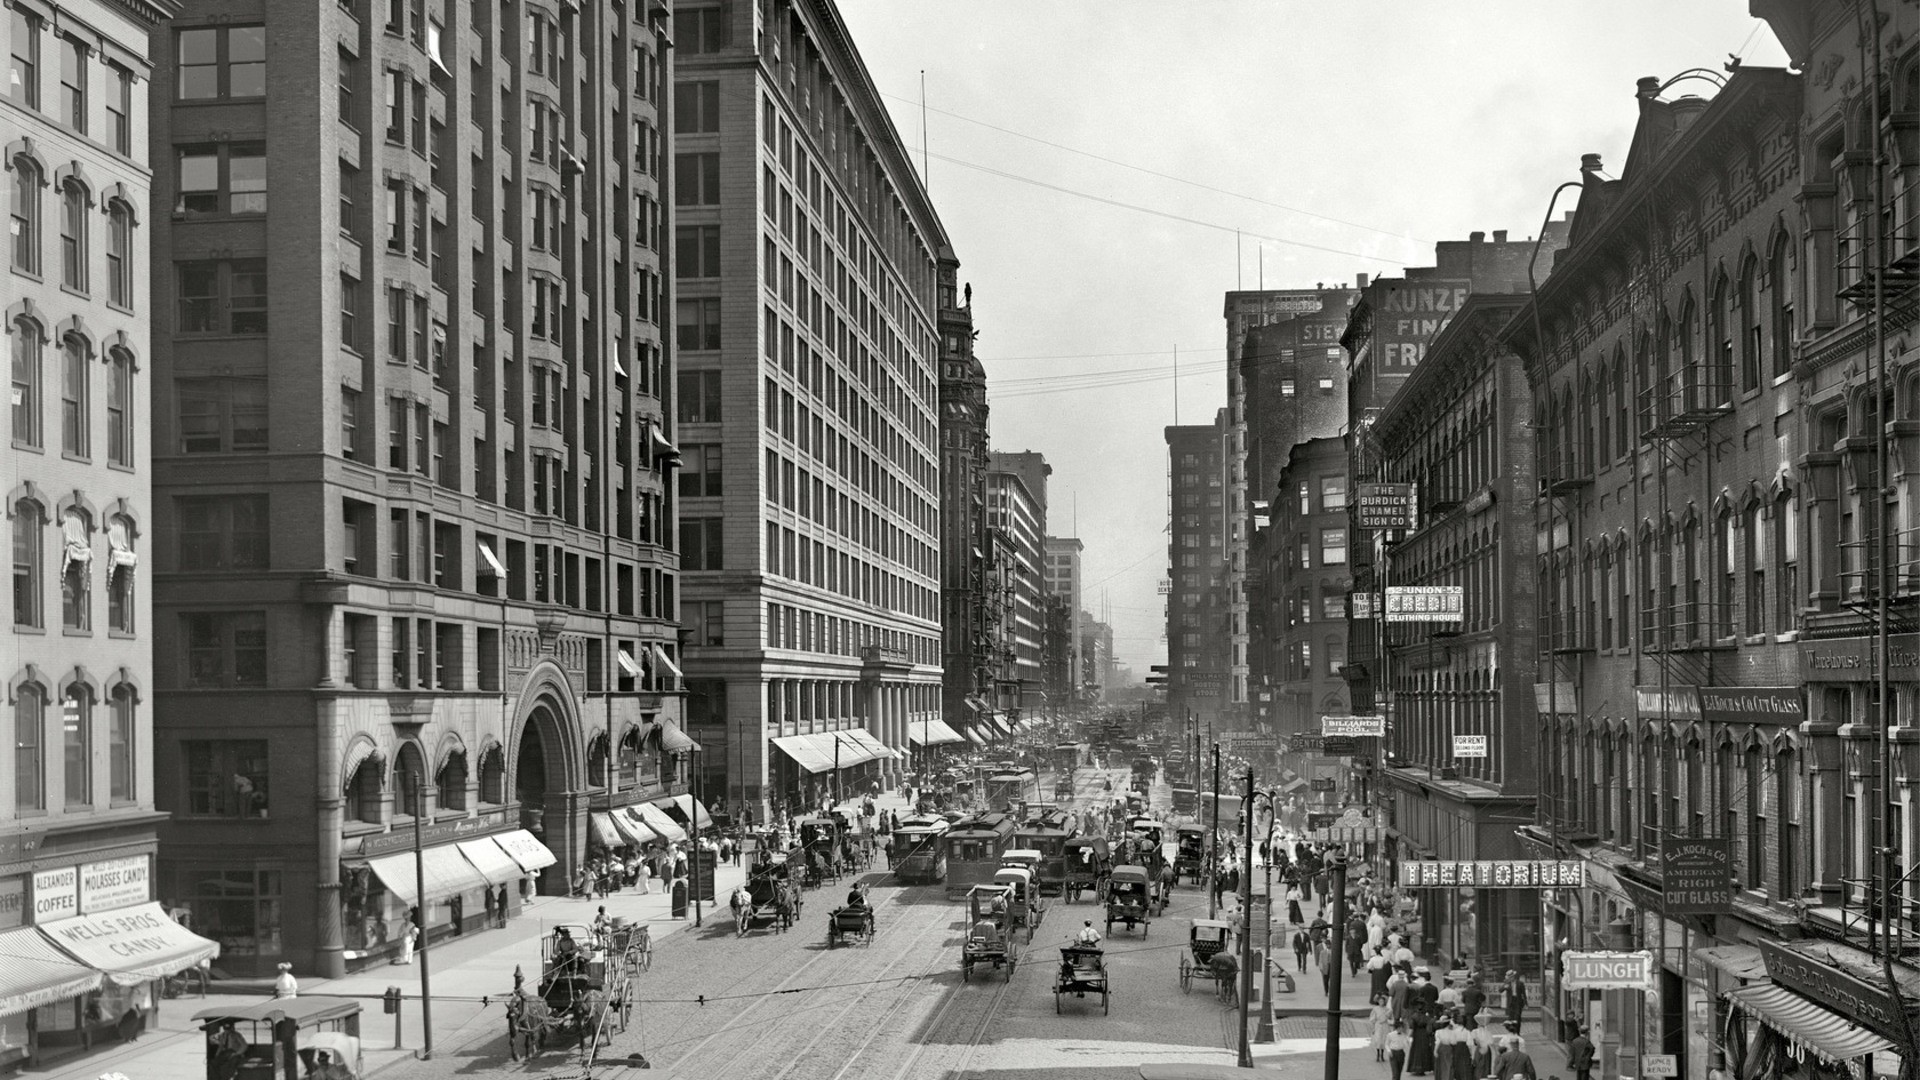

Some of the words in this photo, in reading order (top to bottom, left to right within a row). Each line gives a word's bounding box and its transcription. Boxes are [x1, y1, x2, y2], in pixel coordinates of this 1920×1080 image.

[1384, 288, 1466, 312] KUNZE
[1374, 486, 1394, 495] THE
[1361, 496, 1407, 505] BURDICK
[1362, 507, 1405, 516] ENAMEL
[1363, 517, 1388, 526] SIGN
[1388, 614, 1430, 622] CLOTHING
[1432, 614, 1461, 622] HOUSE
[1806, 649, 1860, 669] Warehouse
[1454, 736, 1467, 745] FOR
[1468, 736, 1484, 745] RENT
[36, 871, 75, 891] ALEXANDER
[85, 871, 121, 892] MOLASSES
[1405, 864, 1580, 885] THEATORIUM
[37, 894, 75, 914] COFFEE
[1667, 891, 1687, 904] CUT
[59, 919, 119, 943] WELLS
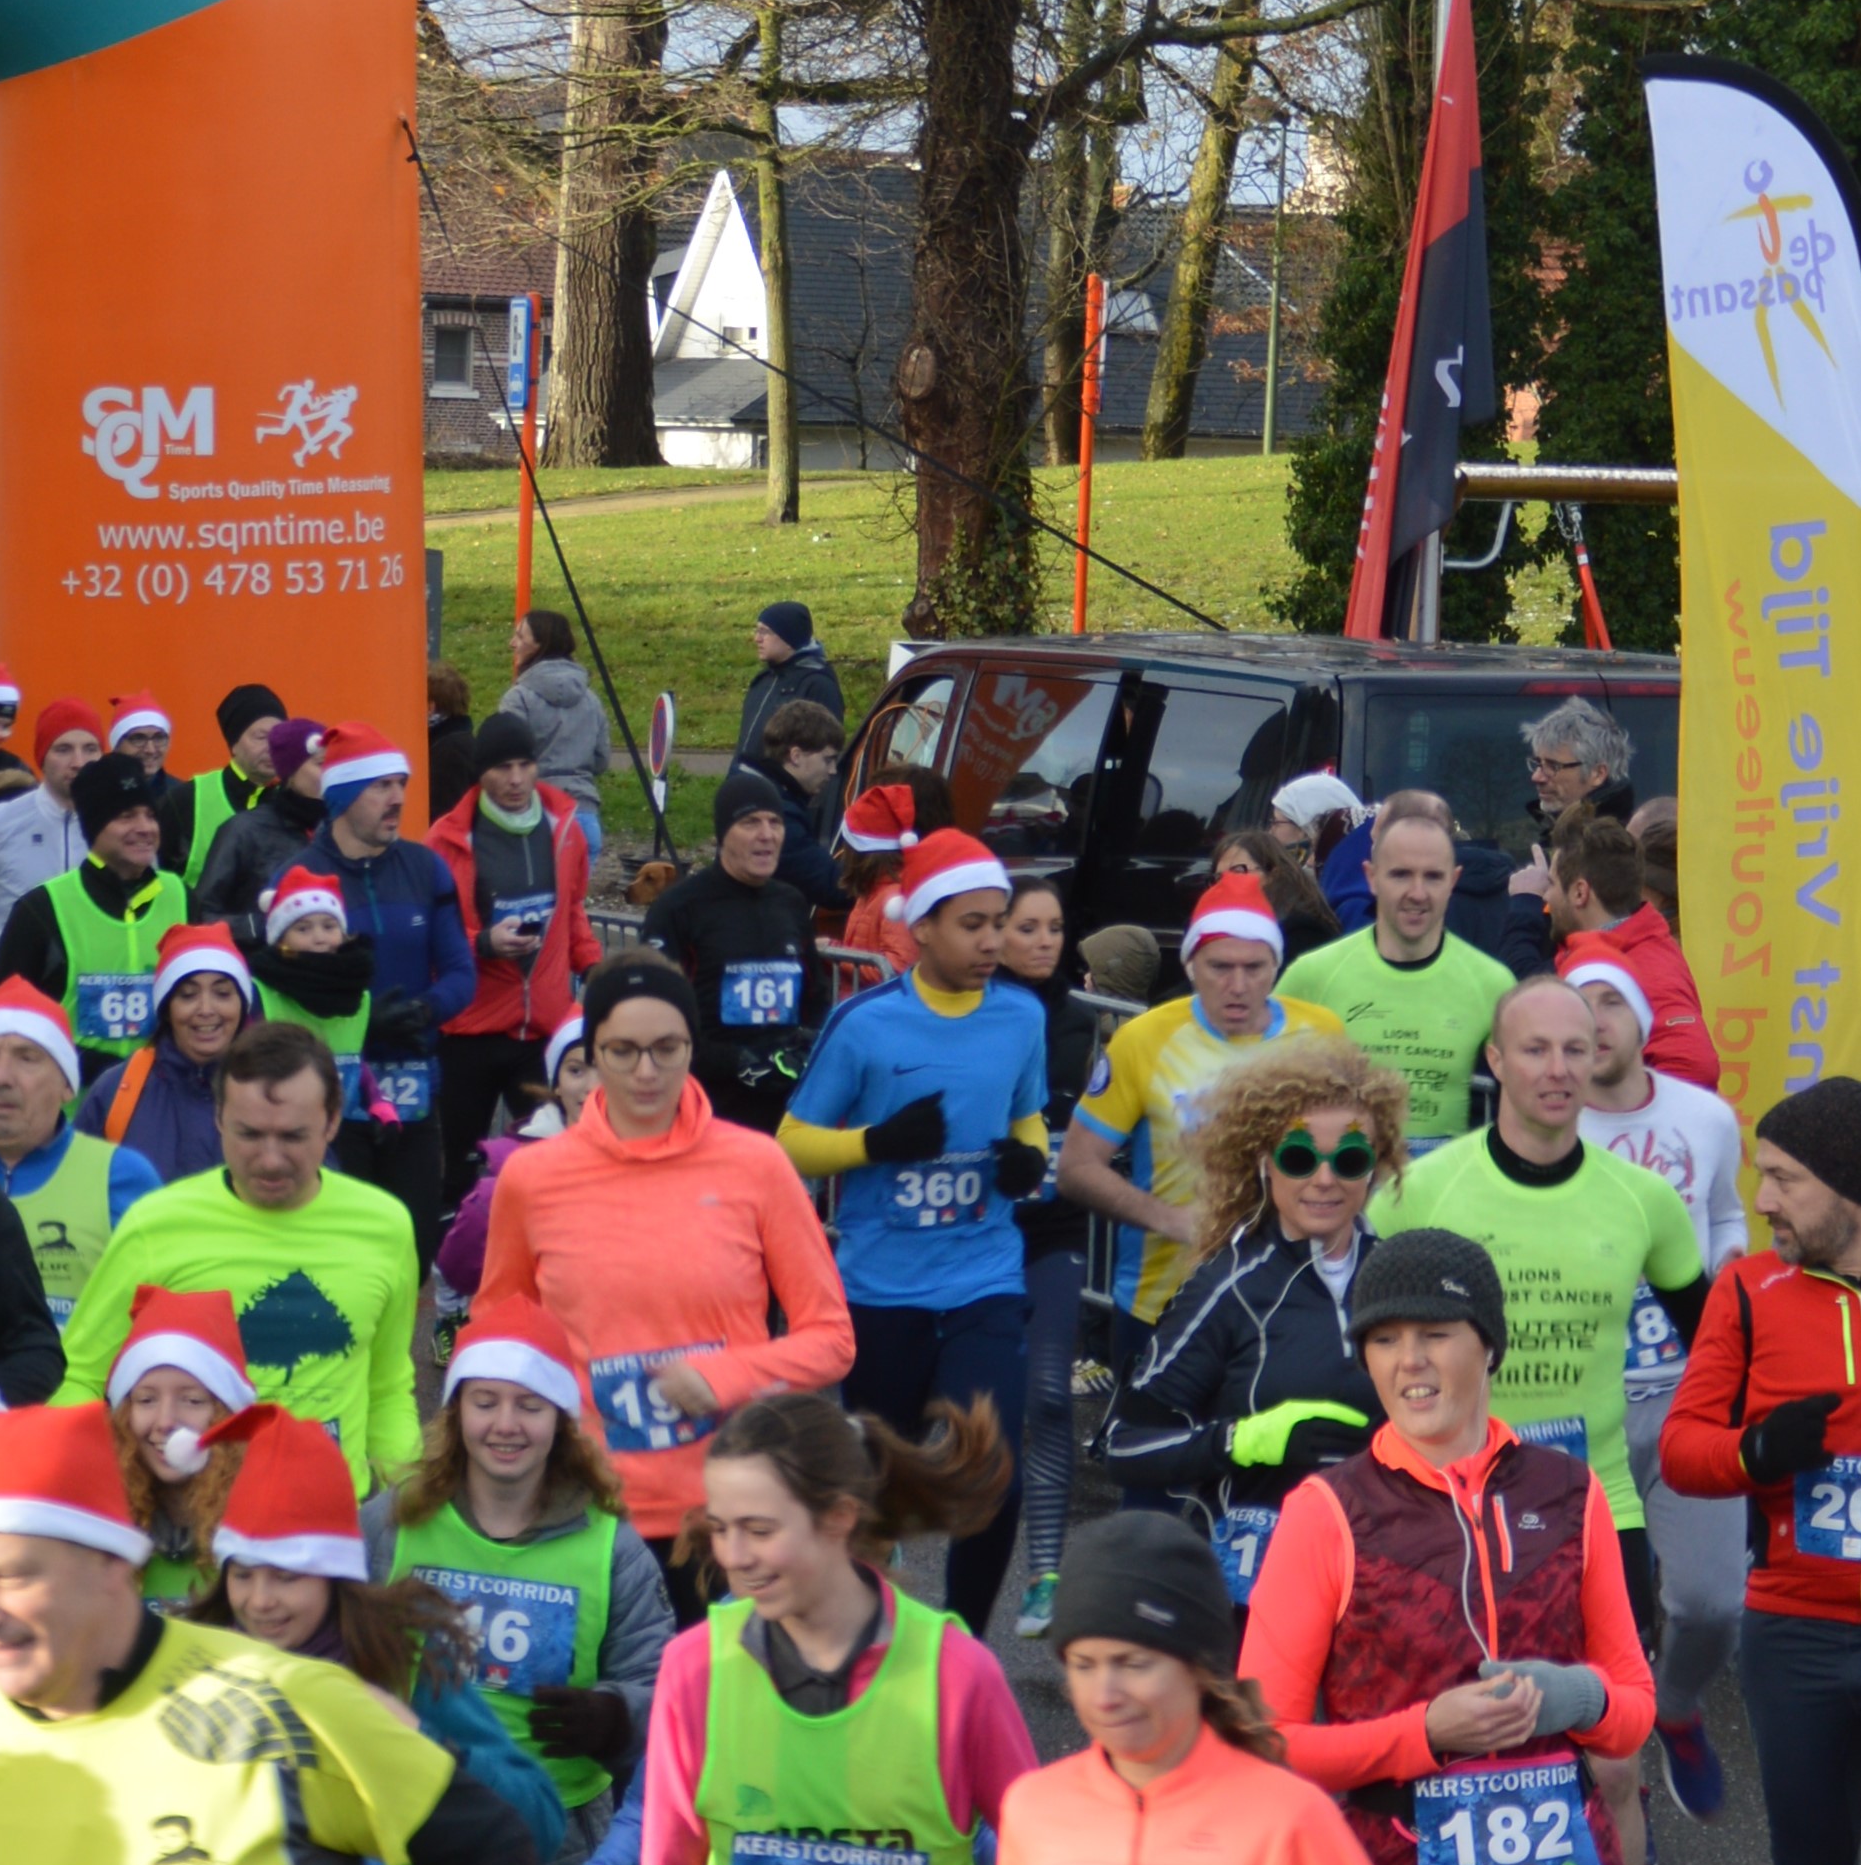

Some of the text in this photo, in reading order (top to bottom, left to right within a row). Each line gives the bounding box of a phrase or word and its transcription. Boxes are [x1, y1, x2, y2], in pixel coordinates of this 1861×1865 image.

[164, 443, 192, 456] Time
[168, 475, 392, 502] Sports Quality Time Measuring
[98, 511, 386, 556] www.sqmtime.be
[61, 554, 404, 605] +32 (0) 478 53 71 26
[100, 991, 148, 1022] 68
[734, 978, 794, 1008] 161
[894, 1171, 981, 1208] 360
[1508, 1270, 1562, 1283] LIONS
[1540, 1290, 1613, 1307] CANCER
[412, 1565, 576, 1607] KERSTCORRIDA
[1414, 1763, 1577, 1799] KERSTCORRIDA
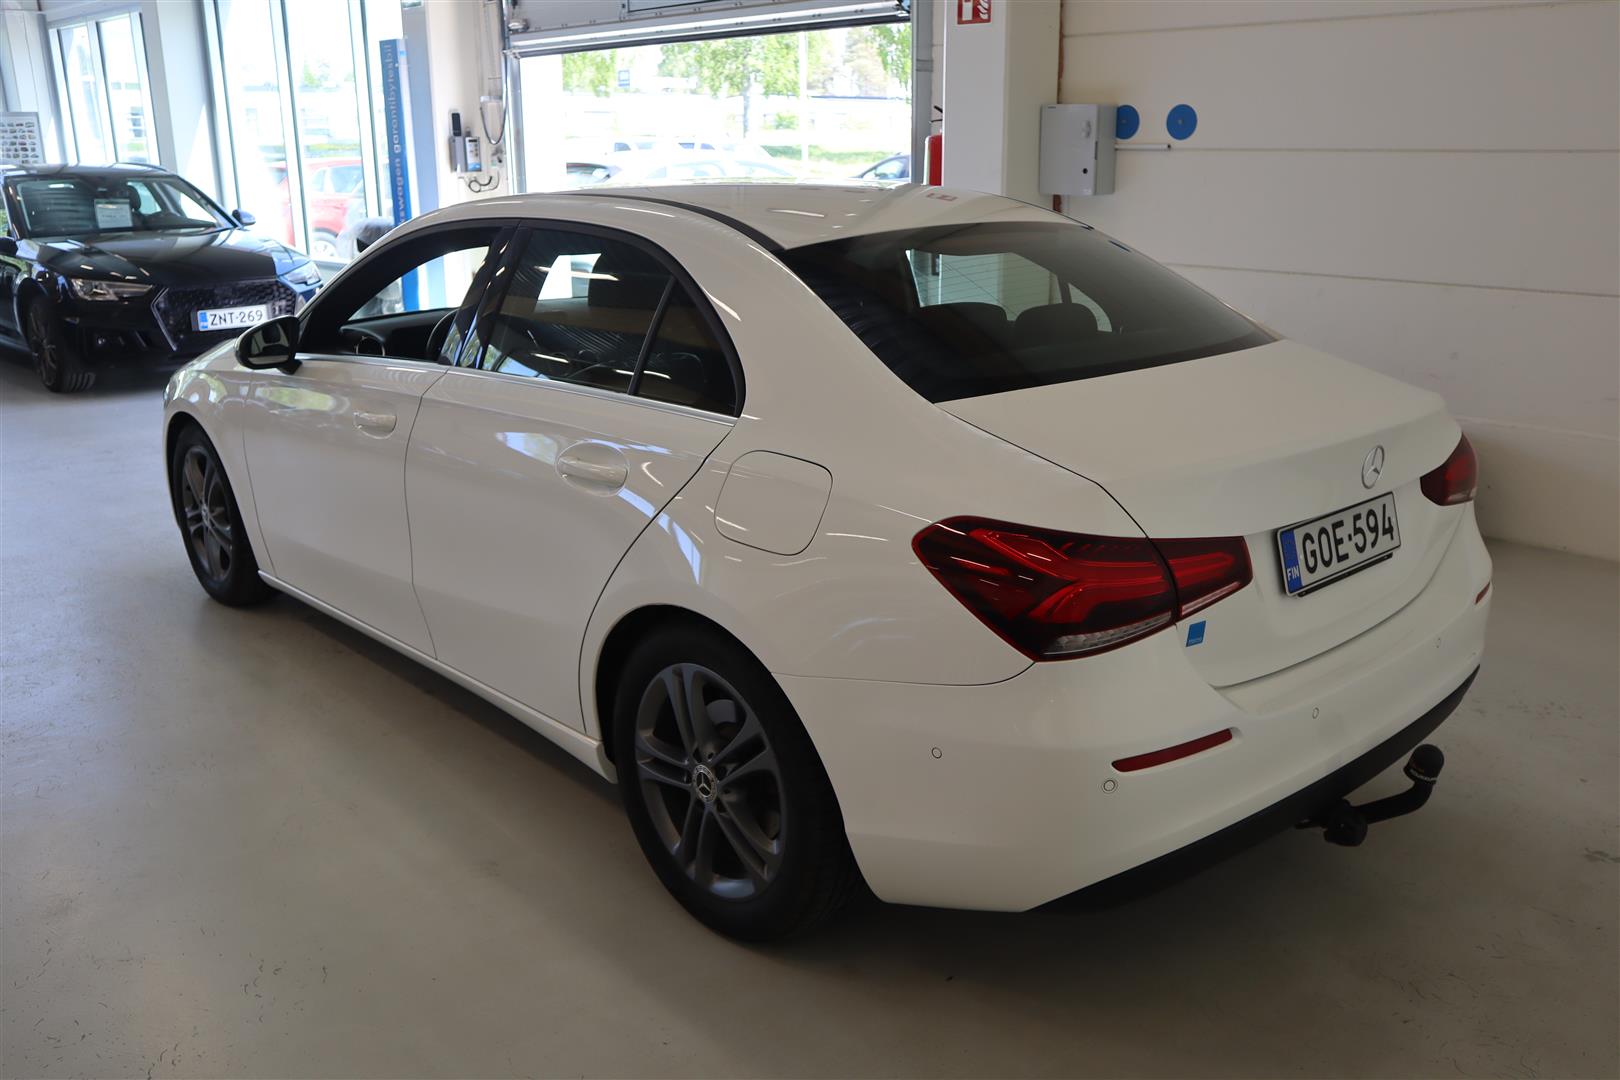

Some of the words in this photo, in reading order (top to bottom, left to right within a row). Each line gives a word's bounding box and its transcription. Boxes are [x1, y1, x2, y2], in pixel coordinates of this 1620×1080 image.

WHAT IS BEING ASKED: The entries above are to be copied exactly, with every picture left out.

OUTPUT FOR THIS TASK:
Some of the words in this photo, in reading order (top to bottom, left to right within a row). Each line gives a word's bounding box and its transcription. Boxes are [x1, y1, x2, y2], in pixel coordinates of this 1920×1080 image.

[1384, 288, 1466, 312] KUNZE
[1374, 486, 1394, 495] THE
[1361, 496, 1407, 505] BURDICK
[1362, 507, 1405, 516] ENAMEL
[1363, 517, 1388, 526] SIGN
[1388, 614, 1430, 622] CLOTHING
[1432, 614, 1461, 622] HOUSE
[1806, 649, 1860, 669] Warehouse
[1454, 736, 1467, 745] FOR
[1468, 736, 1484, 745] RENT
[36, 871, 75, 891] ALEXANDER
[85, 871, 121, 892] MOLASSES
[1405, 864, 1580, 885] THEATORIUM
[37, 894, 75, 914] COFFEE
[1667, 891, 1687, 904] CUT
[59, 919, 119, 943] WELLS

Some of the text in this photo, in reading order (top to bottom, left to right within a row). Each line gives the bounding box of a phrase or word and its transcription. Boxes are [x1, y1, x2, y2], in pixel coordinates of this 1861×1865 image.

[164, 443, 192, 456] Time
[168, 475, 392, 502] Sports Quality Time Measuring
[98, 511, 386, 556] www.sqmtime.be
[61, 554, 404, 605] +32 (0) 478 53 71 26
[100, 991, 148, 1022] 68
[734, 978, 794, 1008] 161
[894, 1171, 981, 1208] 360
[1508, 1270, 1562, 1283] LIONS
[1540, 1290, 1613, 1307] CANCER
[412, 1565, 576, 1607] KERSTCORRIDA
[1414, 1763, 1577, 1799] KERSTCORRIDA

Some of the words in this photo, in reading order (top to bottom, left to right within a row). Each line gives a word's bounding box and its transcription. Boxes are [x1, y1, x2, y2], in pixel coordinates of this 1620×1080 image.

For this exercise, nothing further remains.